My G/F's rig is running my 4x1GB G.Skill PC6400 HZ's (D9GMH's confirmed) at 5-5-5-15, DDR1000 (500FSB 1:1 ratio) @ 2.05v..memtest and blend stable. Great stuff! I'm also impressed by her GB P35 DS3L board! It took those D9's further than my DFI P35 DK ever could!


----------



## SystemViper (Sep 7, 2008)

azax, that mushkin pic, could be mine, same heatspreader, same chips.

I also got thise when the 8500's weren't even out or were mucho $$$$ but i think they weren't even out yet, Because they were the best the egg had.


----------



## Bytor (Sep 7, 2008)

I have a 80mm fan blowing down my Tracers on my tech station and seems to do very well at cooling them.


----------



## p_o_s_pc (Sep 7, 2008)

bytor that looks like the same fan that i had blowing on my reapers when my AMD rig was running


----------



## Bytor (Sep 7, 2008)

Its not super strong but it blows air and thats all I needed...

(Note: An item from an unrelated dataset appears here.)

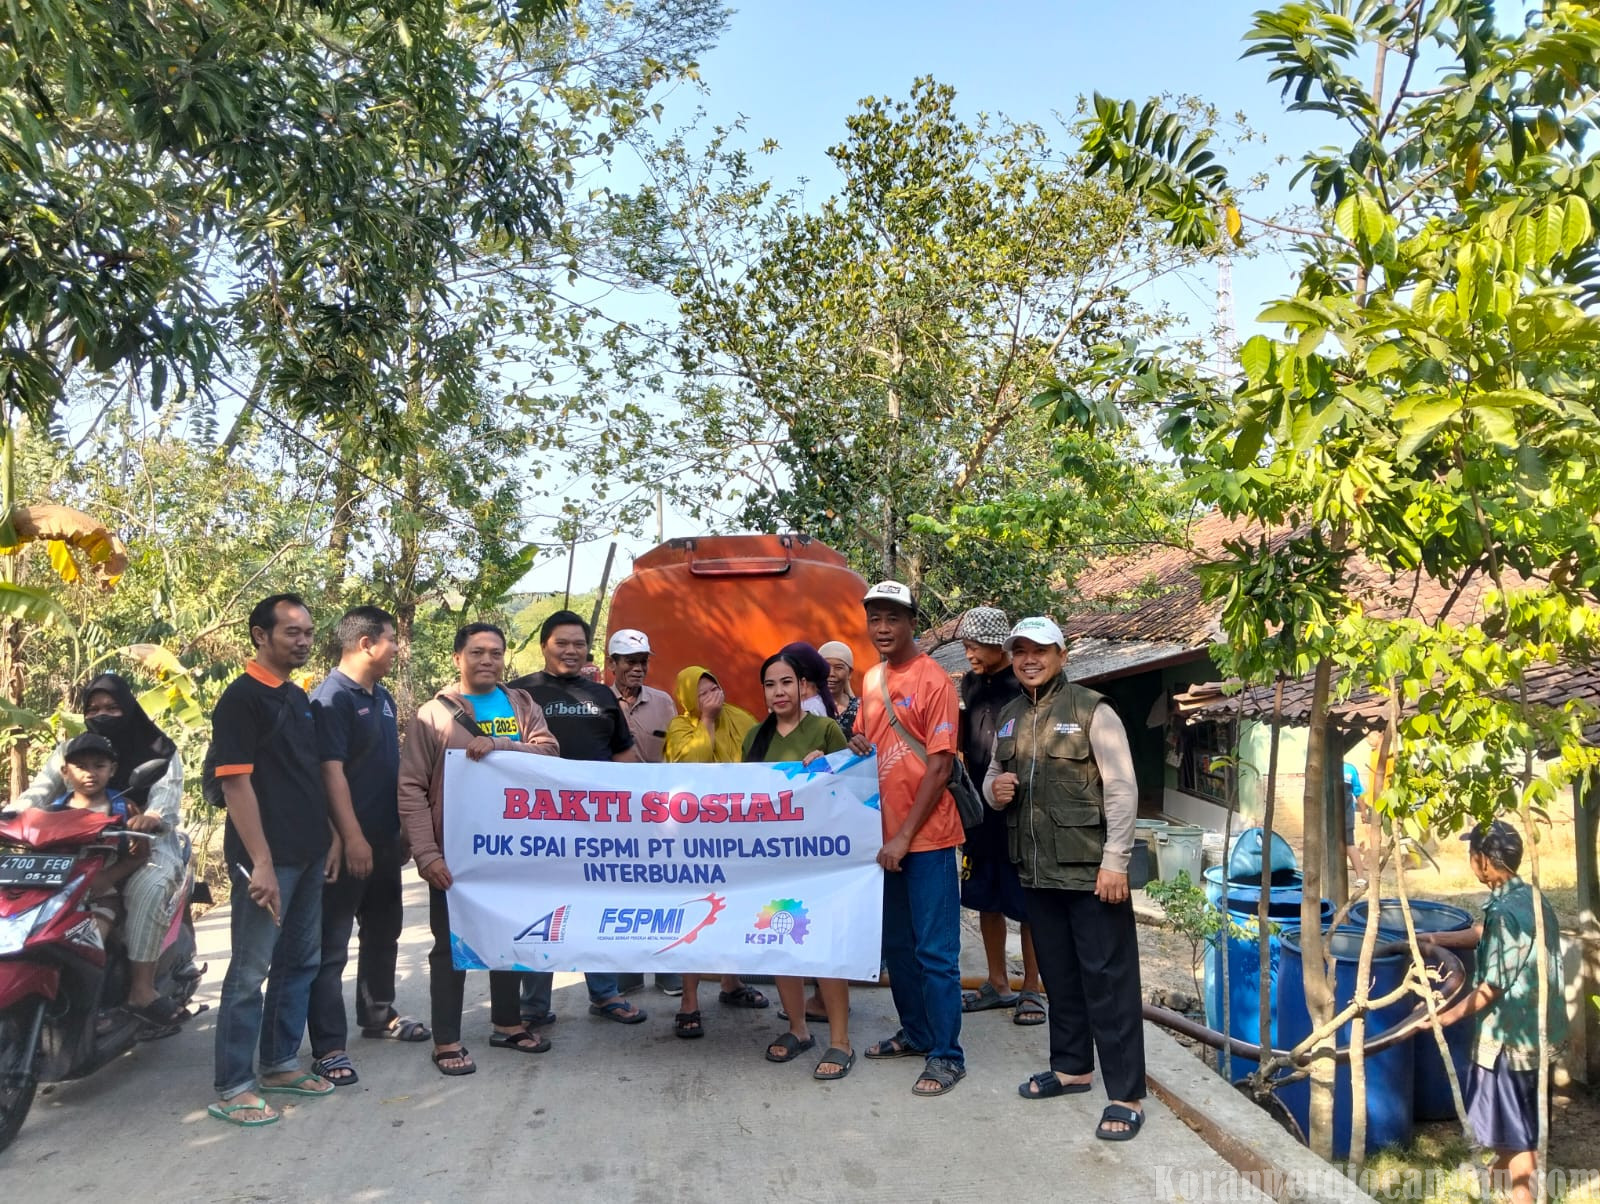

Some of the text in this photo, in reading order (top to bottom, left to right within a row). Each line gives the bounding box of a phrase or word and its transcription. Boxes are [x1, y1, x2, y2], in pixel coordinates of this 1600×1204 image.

I had a high RPM Delta on it, but when you make deltas small they tend to have a high pitch whine


----------



## p_o_s_pc (Sep 7, 2008)

I think the one that i have on mine and the one you have on yours is around ~20CFM. I had a Sunon fan on mine before (rated around 60CFM i think) the ram never got warm but the noise was WAY too much and it didn't help me clock any higher..

EDIT it is rated at 84cfm on newegg specs 
http://www.newegg.com/Product/Product.aspx?Item=N82E16835221002
I took the sunon fan off and gave it to a friend that has a fan controller and he put it on his CPU heatsink and got idle temps down to 35c from 41c with stock fan and that is with stock on high and the sunon on about 80%


----------



## Bytor (Sep 7, 2008)

84 CFM on a 80mm fan is way to much noise...  My 120mm Delta on my rads. are pushing 151 cfm, but due to the size there not loud like a 80mm would be.


----------



## p_o_s_pc (Sep 7, 2008)

Bytor said:


> 84 CFM on a 80mm fan is way to much noise...  My 120mm Delta on my rads. are pushing 151 cfm, but due to the size there not loud like a 80mm would be.



+1 84CFM on a 80mm is way to much noise that is why i don't have it anymore


----------



## Urbklr (Sep 7, 2008)

My Tracers run fine at 1000MHz 4-4-4-10, and I've took them to 1280MHz I believe at 5-5-5-18...Great ram, least when they were double-sided. 

Mine are the DDR2-800 ones.


----------



## Xazax (Sep 7, 2008)

@System Viper, acutally it DanishDevils i bought these RAMSTICKs from him awhile back.. and how could that be your pic? the pics are different


----------



## SystemViper (Sep 7, 2008)

> @System Viper, acutally it DanishDevils i bought these RAMSTICKs from him awhile back.. and how could that be your pic? the pics are different




dude, that was a joke, because it was just the black heatspreader and the same micron chips, ????  hmmmm
i could take that exact same pic...


----------



## PaulieG (Sep 7, 2008)

Buffalo Firestix. They are still using D9's 1180mhz 4-4-4-12. 2.2v. Sweet heat spreaders too. Wish I didn't sell mine. You can get 4GB's for $110 shipped at Directron.com.


----------



## PaulieG (Sep 7, 2008)

Kursah said:


> My G/F's rig is running my 4x1GB G.Skill PC6400 HZ's (D9GMH's confirmed) at 5-5-5-15, DDR1000 (500FSB 1:1 ratio) @ 2.05v..memtest and blend stable. Great stuff! I'm also impressed by her GB P35 DS3L board! It took those D9's further than my DFI P35 DK ever could!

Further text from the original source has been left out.